Выбрать главу

«Авторитетные богословы признали»... Кто? Да католическая и православная церкви канонизировали «умученных жидами», и Петражицкий здесь просто лжет. Удивительно для ученого, — и даже «недопустимо, невероятно», чтобы ученый такого авторитета солгал, как мальчишка; но это именно случилось с самим Петражицким, и это уже одно доказывает ему самому, как «мир частного и индивидуального» неисследим, недоказуем и непредвидим.

Ученому невозможно солгать (явно, грубо).

Но Петражицкий лжет.

Следовательно...

Вот в том и дело, что никакого «следовательно» не выходит. «Следовало» бы, что «Петражицкий — не учен», но он явно учен. Стоят просто факты рядом, — и такова жизнь. «Такова» она не всегда, но часто или иногда.

Разве «возможно и вероятно», чтобы живых людей жгли на костре живые люди и смотрели на это спокойно, сидя в креслах? «Невозможно»...

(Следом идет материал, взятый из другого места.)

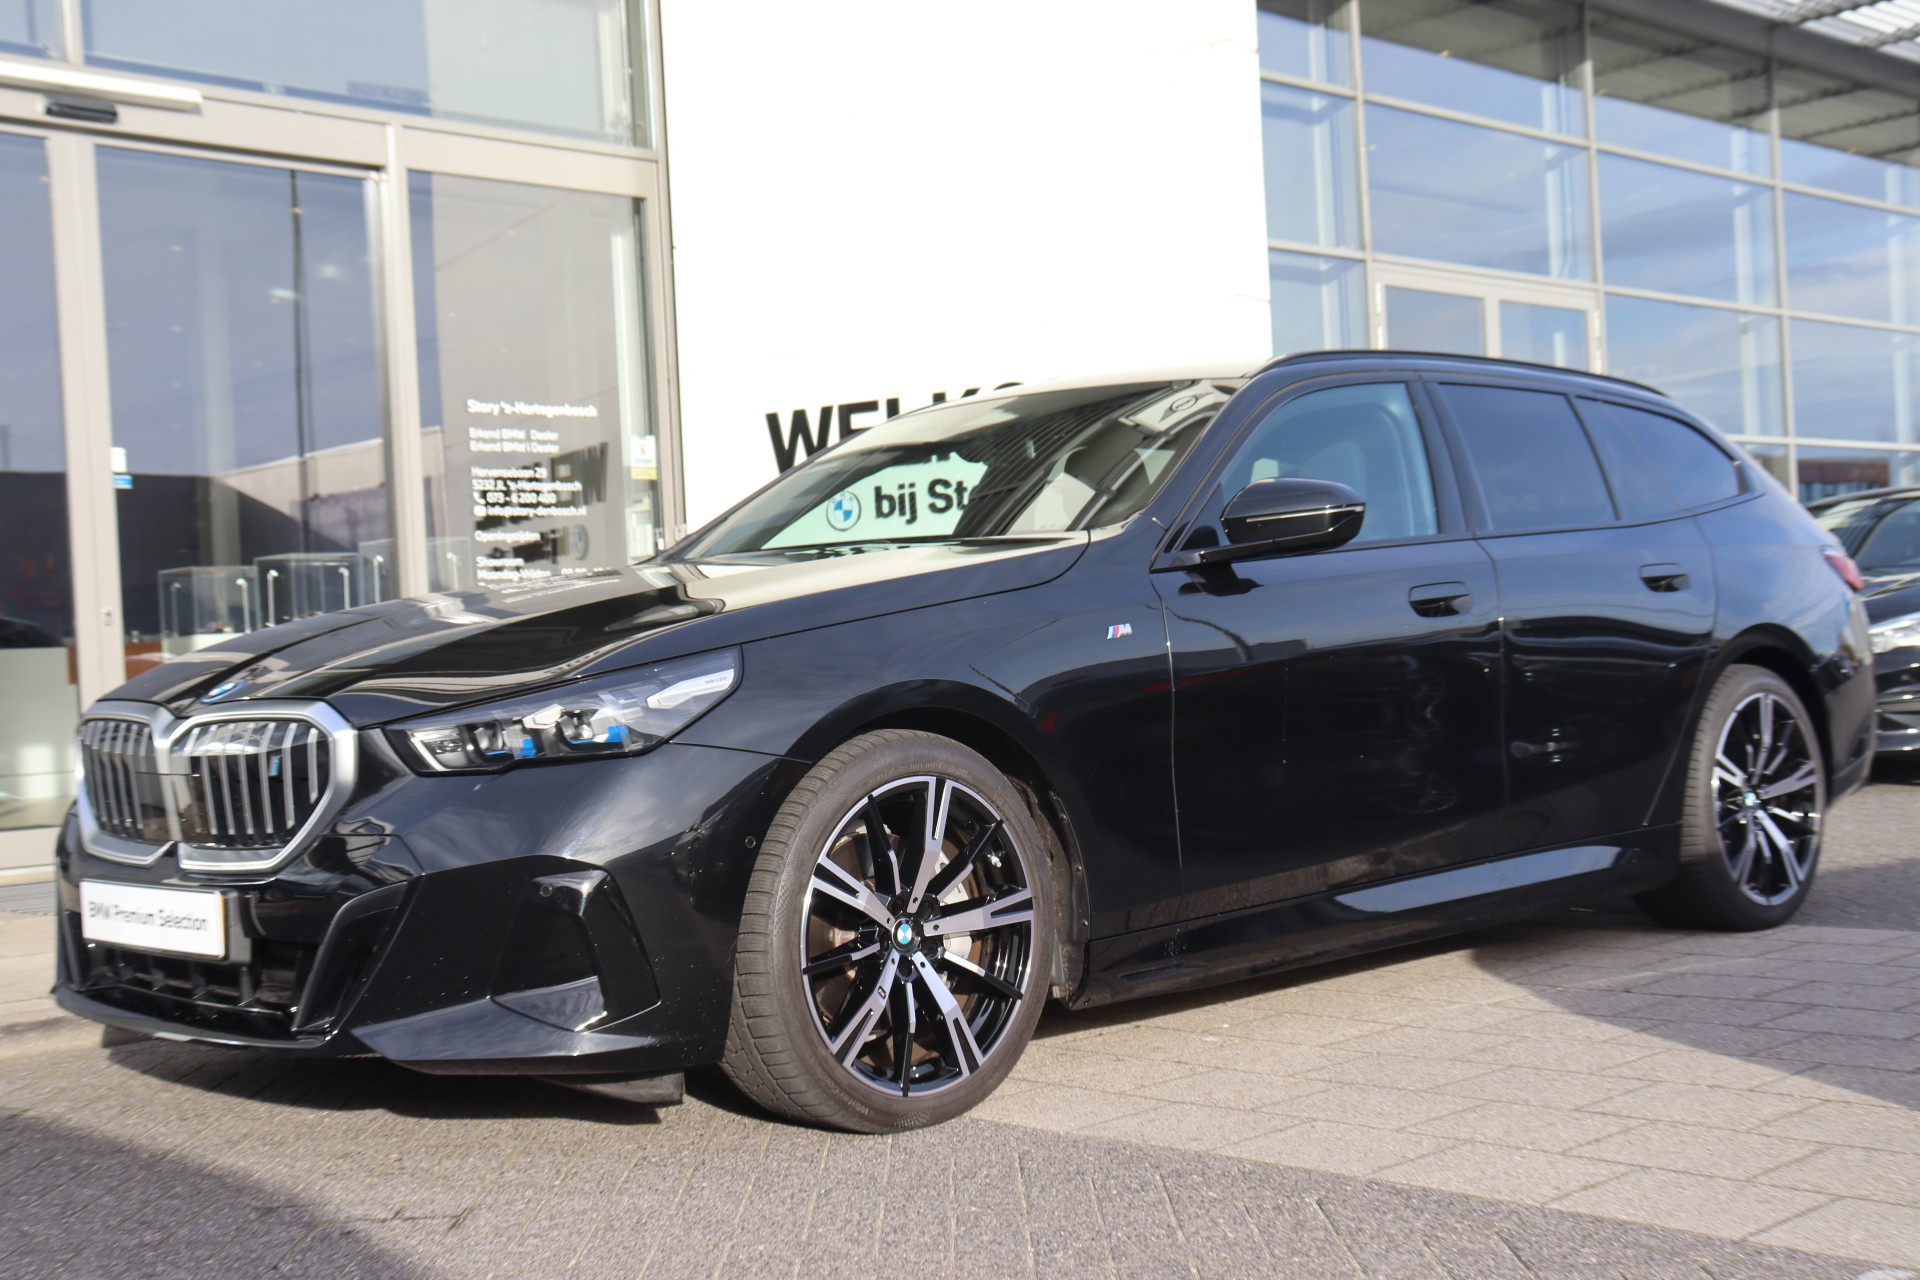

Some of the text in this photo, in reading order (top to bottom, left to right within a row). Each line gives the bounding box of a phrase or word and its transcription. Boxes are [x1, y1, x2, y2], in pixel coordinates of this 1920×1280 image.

A — было, и таковое «было» называется auto-da-fe. Петражицкий сказал, что это «мрак невежества»: но неужели время Анзельма Кентерберийского, Дунса-Скота, Оккама, время построения великих готических соборов, великих пап — было временем «дикости, невежества и мрака»? Так позволительно думать повару от Кюба, но плох тот министр просвещения, который за одну подобную фразу, приличную портному, а не профессору, не предложил бы завтра же профессору подать в отставку «по полной неспособности ясно что-нибудь знать и, значит, чему-нибудь научить». О, г. Петражицкий, конечно, не таков. Он именно «расписался» со своим «кунтушем пана Косцюшко»: он вообразил, что русские до того глупы, что Петербург до того непросвещенный город, что его дикие и мальчишеские строки будут все равно «прочитаны с удовольствием», так как кто же будет судить «такое светило науки». Но против «науки» его никто и не идет. Судят здравым смыслом; судят тактом скромности, к которой обязаны и профессора. Судят «общечеловеческой порядочностью», к коей врожден у всего человечества инстинкт, и очень грустно, что вот не впервые уже нам, русским, и здесь, в Петербурге, приходится видеть зрелище профессора и иногда «светила науки», вышедшего на улицу, в печать, в газету в какой-то «адамовой простоте» по части общепризнанного и публично-вежливого. Потому что Петражицкий без повода и вызова оскорбляет священника Пранайтиса, профессора Сикорского и еще длинный ряд лиц, бытие этого ритуала утверждающих.

А все «кунтуш» напортил. «Звычайный кунтуш пана Косцюшко...» Говорят, нет «национальной науки». По крайней мере «польская наука» всегда имеет павлиний хвост и интересна часто только с хвоста, а не с головы.

Наша «кошерная печать»

Какой-то «Любош» (неужели не псевдоним, а фамилия?) пишет в еврейской газете «Речь»: «И в эти дни позора, когда весь культурный мир с таким презрением следит за той вакханалией гнусности, которую патриоты проделывают вокруг Веры Чеберяк», и т. д. и т. д., — «в эти позорные дни, когда русское имя всемирно топчут в грязь Замысловские и Чеберячки, Сикорские и Розмитальские, Розановы и Полищуки, темная рать сыщиков, пристанодержателей, людей прожженной совести и растленных перьев» и т. д. и т. д.

Но, утешает Россию Любош, —

«...пусть Розановы, Чеберячки, Сикорские и Замысловские влачат имя русское по самым смрадным низинам, — есть другая Россия, Россия великих страстотерпцев, славных художников и самоотверженных героев»...

Я знаю, что «Любошу» никогда никто не отвечал, но я отвечу. Однако сперва о «Любоше», или Любеньке: еврей, не очень старый и какой-то наружносальный, как все евреи. Лицо похоже на смазанное ваксой голенище сапога. На похоронах Пергамента, должно быть через посредство кого-то, подошел и представился. Я спросил — «Кто?» Сказали — «Редактор Речи». Тогда еще где-то встретясь, в суде кажется, я спросил любезно: «Отчего ваших статей давно нет в Речи?» Он ответил: «Я больше люблю писать там-то» (и назвал какую-то маленькую газету). Когда я, недоумевая, спросил: «Почему редактор не пишет в своей газете?» Мне ответили: «Потому что он подставной, и его туда не пускают писать» (т.е. плохо пишет, мелкий литератор). Хоть, кажется, отчего же бы не писать в «Речи»? Там ничего крупного нет.